[Dataset entries]
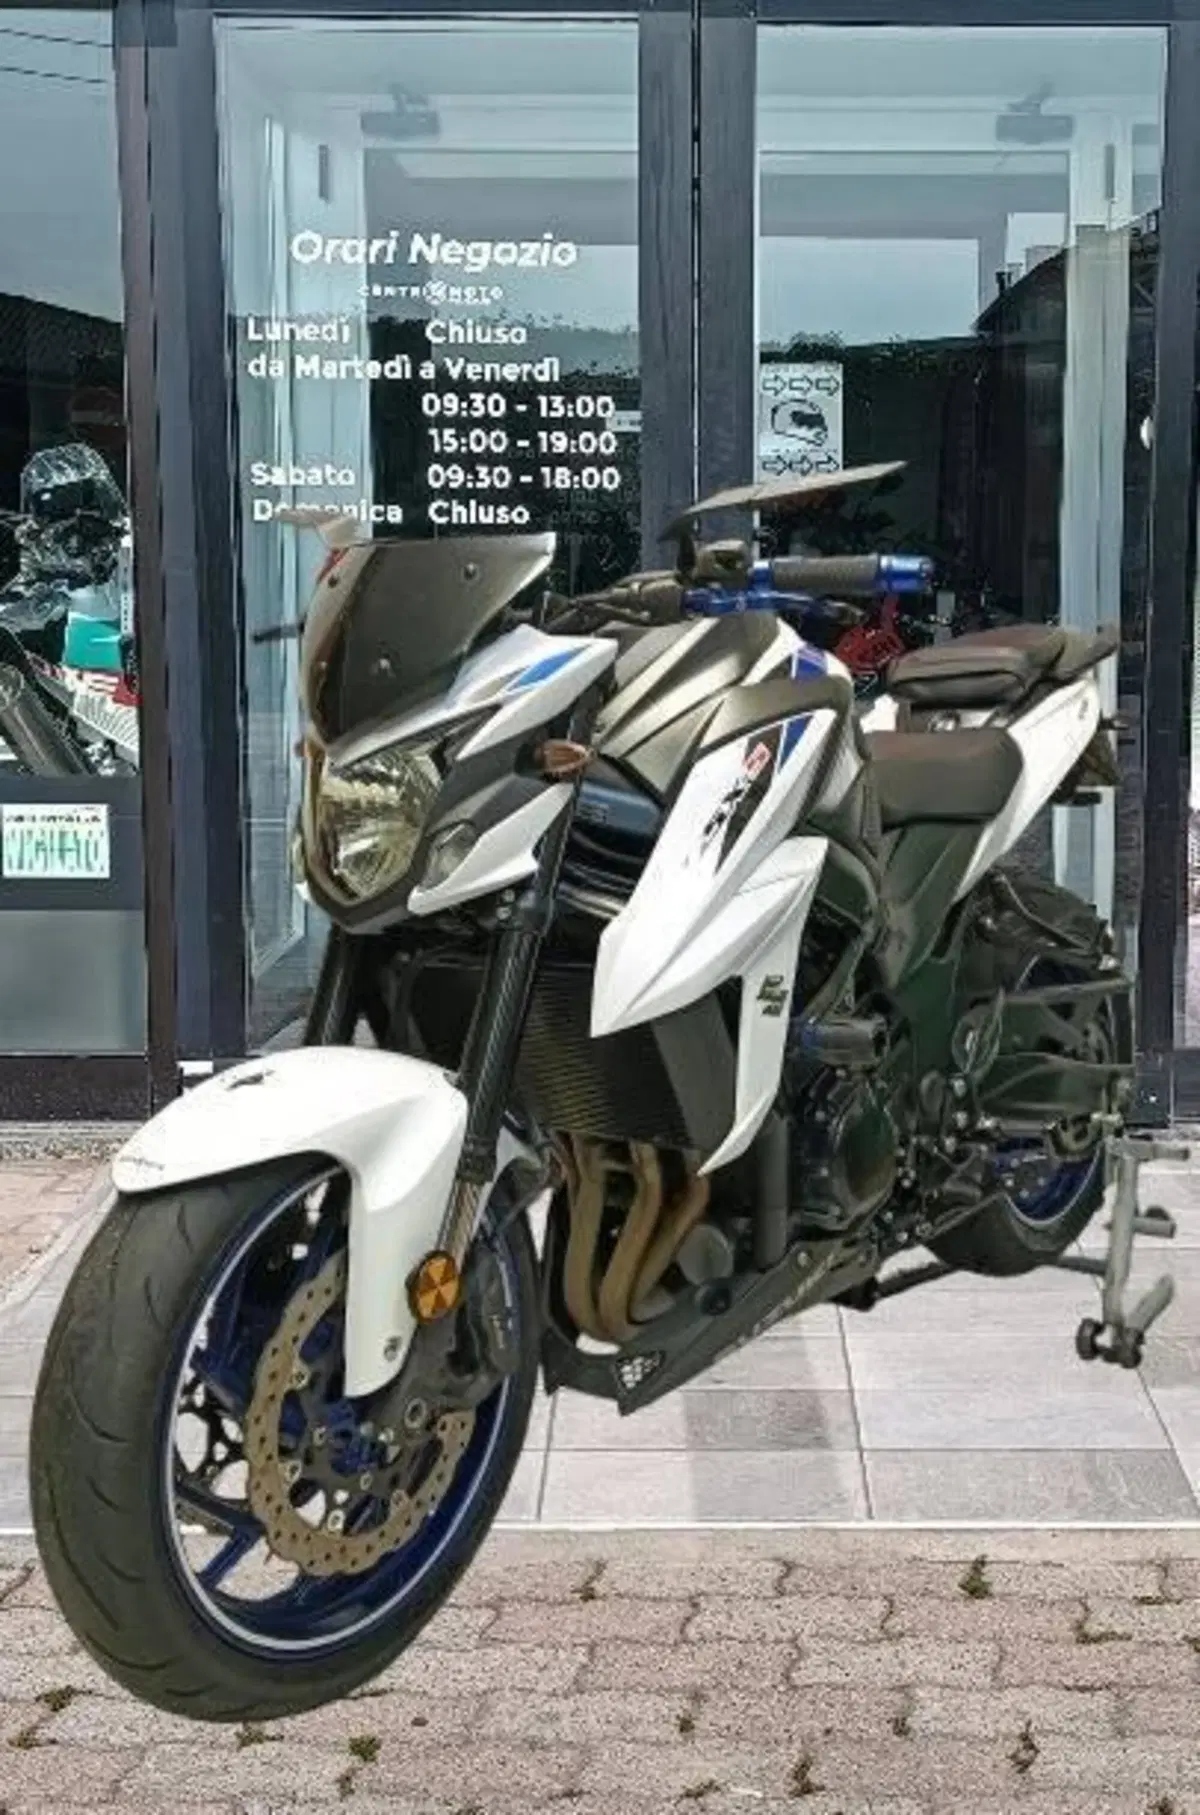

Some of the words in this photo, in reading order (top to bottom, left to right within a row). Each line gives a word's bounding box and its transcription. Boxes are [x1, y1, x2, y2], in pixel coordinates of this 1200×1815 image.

[291, 230, 399, 264] Orari
[408, 232, 578, 273] Negozio
[424, 319, 528, 345] Chiuso
[247, 353, 285, 379] da
[294, 354, 412, 380] Martedì
[419, 360, 436, 380] a
[443, 357, 561, 383] Venerdì
[421, 392, 507, 419] 09:30
[537, 395, 616, 419] 13:00
[428, 428, 508, 453] 15:00
[537, 431, 619, 455] 19:00
[250, 461, 356, 487] Sabato
[426, 464, 513, 490] 09:30
[541, 466, 622, 491] 18:00
[428, 501, 531, 525] Chiuso

▶ _Assignment_: Transcribe the records word for word and include no pictures.

▶ _Task answer_:
Some of the words in this photo, in reading order (top to bottom, left to right within a row). Each line gives a word's bounding box and its transcription. Boxes are [x1, y1, x2, y2], in pixel coordinates of this 1200×1815 image.

[291, 230, 399, 264] Orari
[408, 232, 578, 273] Negozio
[424, 319, 528, 345] Chiuso
[247, 353, 285, 379] da
[294, 354, 412, 380] Martedì
[419, 360, 436, 380] a
[443, 357, 561, 383] Venerdì
[421, 392, 507, 419] 09:30
[537, 395, 616, 419] 13:00
[428, 428, 508, 453] 15:00
[537, 431, 619, 455] 19:00
[250, 461, 356, 487] Sabato
[426, 464, 513, 490] 09:30
[541, 466, 622, 491] 18:00
[428, 501, 531, 525] Chiuso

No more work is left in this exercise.